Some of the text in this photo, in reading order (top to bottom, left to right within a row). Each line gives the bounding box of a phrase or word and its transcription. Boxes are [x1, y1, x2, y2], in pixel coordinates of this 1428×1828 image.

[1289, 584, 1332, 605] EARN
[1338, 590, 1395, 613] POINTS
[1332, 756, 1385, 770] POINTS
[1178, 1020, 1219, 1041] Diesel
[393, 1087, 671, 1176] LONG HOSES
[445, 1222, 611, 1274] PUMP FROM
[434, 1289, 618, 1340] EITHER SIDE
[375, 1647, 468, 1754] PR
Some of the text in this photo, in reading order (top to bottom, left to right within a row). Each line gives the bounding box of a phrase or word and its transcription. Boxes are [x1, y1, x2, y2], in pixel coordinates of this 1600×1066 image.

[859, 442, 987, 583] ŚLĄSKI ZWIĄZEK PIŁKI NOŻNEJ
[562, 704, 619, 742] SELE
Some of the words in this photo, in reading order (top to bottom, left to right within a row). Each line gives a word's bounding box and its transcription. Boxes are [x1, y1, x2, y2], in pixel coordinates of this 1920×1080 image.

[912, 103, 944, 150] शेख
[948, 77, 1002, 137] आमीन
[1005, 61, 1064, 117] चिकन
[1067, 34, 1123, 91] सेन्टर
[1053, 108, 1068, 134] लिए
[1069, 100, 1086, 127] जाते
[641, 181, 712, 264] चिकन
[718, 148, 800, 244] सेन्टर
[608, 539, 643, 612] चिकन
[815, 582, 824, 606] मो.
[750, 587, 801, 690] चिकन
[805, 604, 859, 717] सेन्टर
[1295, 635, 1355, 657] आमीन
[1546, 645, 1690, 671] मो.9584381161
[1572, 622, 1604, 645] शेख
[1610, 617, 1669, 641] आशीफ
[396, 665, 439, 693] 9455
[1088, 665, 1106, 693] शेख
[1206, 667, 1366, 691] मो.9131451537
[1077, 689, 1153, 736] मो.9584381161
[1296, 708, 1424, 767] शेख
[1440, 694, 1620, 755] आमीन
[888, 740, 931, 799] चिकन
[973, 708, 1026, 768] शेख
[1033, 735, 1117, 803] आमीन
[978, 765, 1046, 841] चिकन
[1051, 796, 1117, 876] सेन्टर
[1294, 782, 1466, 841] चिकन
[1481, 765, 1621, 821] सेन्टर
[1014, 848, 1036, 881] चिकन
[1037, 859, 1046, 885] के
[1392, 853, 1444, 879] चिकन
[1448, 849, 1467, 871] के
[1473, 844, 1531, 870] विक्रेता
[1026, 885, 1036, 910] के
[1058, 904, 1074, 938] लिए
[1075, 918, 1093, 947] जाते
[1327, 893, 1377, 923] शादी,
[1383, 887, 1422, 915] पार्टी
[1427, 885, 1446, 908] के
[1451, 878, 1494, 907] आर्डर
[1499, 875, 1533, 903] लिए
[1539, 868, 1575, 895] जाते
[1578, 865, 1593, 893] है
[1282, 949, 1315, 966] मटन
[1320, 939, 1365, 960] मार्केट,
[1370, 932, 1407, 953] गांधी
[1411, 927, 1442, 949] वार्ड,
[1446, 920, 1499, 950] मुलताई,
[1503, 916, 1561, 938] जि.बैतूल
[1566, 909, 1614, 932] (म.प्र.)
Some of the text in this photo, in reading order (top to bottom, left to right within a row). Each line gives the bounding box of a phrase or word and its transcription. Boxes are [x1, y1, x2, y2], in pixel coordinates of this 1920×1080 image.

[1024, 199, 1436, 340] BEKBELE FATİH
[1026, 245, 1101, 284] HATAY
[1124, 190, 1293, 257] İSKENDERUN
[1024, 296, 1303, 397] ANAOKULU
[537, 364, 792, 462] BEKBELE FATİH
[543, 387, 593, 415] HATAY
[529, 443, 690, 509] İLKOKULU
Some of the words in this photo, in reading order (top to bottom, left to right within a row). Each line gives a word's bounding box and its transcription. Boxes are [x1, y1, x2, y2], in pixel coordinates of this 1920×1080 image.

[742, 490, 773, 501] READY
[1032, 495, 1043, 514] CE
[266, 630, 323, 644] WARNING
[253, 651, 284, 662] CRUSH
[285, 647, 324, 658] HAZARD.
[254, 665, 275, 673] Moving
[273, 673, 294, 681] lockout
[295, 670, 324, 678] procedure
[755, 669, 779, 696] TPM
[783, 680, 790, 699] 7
::::::::::
= Aim of the task =
A faithful, complete copy of the entries above is required.

= Expected answer =
Some of the text in this photo, in reading order (top to bottom, left to right within a row). Each line gives the bounding box of a phrase or word and its transcription. Boxes are [x1, y1, x2, y2], in pixel coordinates of this 1428×1828 image.

[1289, 584, 1332, 605] EARN
[1338, 590, 1395, 613] POINTS
[1332, 756, 1385, 770] POINTS
[1178, 1020, 1219, 1041] Diesel
[393, 1087, 671, 1176] LONG HOSES
[445, 1222, 611, 1274] PUMP FROM
[434, 1289, 618, 1340] EITHER SIDE
[375, 1647, 468, 1754] PR
Some of the text in this photo, in reading order (top to bottom, left to right within a row). Each line gives the bounding box of a phrase or word and its transcription. Boxes are [x1, y1, x2, y2], in pixel coordinates of this 1600×1066 image.

[859, 442, 987, 583] ŚLĄSKI ZWIĄZEK PIŁKI NOŻNEJ
[562, 704, 619, 742] SELE
Some of the words in this photo, in reading order (top to bottom, left to right within a row). Each line gives a word's bounding box and its transcription. Boxes are [x1, y1, x2, y2], in pixel coordinates of this 1920×1080 image.

[912, 103, 944, 150] शेख
[948, 77, 1002, 137] आमीन
[1005, 61, 1064, 117] चिकन
[1067, 34, 1123, 91] सेन्टर
[1053, 108, 1068, 134] लिए
[1069, 100, 1086, 127] जाते
[641, 181, 712, 264] चिकन
[718, 148, 800, 244] सेन्टर
[608, 539, 643, 612] चिकन
[815, 582, 824, 606] मो.
[750, 587, 801, 690] चिकन
[805, 604, 859, 717] सेन्टर
[1295, 635, 1355, 657] आमीन
[1546, 645, 1690, 671] मो.9584381161
[1572, 622, 1604, 645] शेख
[1610, 617, 1669, 641] आशीफ
[396, 665, 439, 693] 9455
[1088, 665, 1106, 693] शेख
[1206, 667, 1366, 691] मो.9131451537
[1077, 689, 1153, 736] मो.9584381161
[1296, 708, 1424, 767] शेख
[1440, 694, 1620, 755] आमीन
[888, 740, 931, 799] चिकन
[973, 708, 1026, 768] शेख
[1033, 735, 1117, 803] आमीन
[978, 765, 1046, 841] चिकन
[1051, 796, 1117, 876] सेन्टर
[1294, 782, 1466, 841] चिकन
[1481, 765, 1621, 821] सेन्टर
[1014, 848, 1036, 881] चिकन
[1037, 859, 1046, 885] के
[1392, 853, 1444, 879] चिकन
[1448, 849, 1467, 871] के
[1473, 844, 1531, 870] विक्रेता
[1026, 885, 1036, 910] के
[1058, 904, 1074, 938] लिए
[1075, 918, 1093, 947] जाते
[1327, 893, 1377, 923] शादी,
[1383, 887, 1422, 915] पार्टी
[1427, 885, 1446, 908] के
[1451, 878, 1494, 907] आर्डर
[1499, 875, 1533, 903] लिए
[1539, 868, 1575, 895] जाते
[1578, 865, 1593, 893] है
[1282, 949, 1315, 966] मटन
[1320, 939, 1365, 960] मार्केट,
[1370, 932, 1407, 953] गांधी
[1411, 927, 1442, 949] वार्ड,
[1446, 920, 1499, 950] मुलताई,
[1503, 916, 1561, 938] जि.बैतूल
[1566, 909, 1614, 932] (म.प्र.)
Some of the text in this photo, in reading order (top to bottom, left to right within a row). Each line gives the bounding box of a phrase or word and its transcription. Boxes are [x1, y1, x2, y2], in pixel coordinates of this 1920×1080 image.

[1024, 199, 1436, 340] BEKBELE FATİH
[1026, 245, 1101, 284] HATAY
[1124, 190, 1293, 257] İSKENDERUN
[1024, 296, 1303, 397] ANAOKULU
[537, 364, 792, 462] BEKBELE FATİH
[543, 387, 593, 415] HATAY
[529, 443, 690, 509] İLKOKULU
Some of the words in this photo, in reading order (top to bottom, left to right within a row). Each line gives a word's bounding box and its transcription. Boxes are [x1, y1, x2, y2], in pixel coordinates of this 1920×1080 image.

[742, 490, 773, 501] READY
[1032, 495, 1043, 514] CE
[266, 630, 323, 644] WARNING
[253, 651, 284, 662] CRUSH
[285, 647, 324, 658] HAZARD.
[254, 665, 275, 673] Moving
[273, 673, 294, 681] lockout
[295, 670, 324, 678] procedure
[755, 669, 779, 696] TPM
[783, 680, 790, 699] 7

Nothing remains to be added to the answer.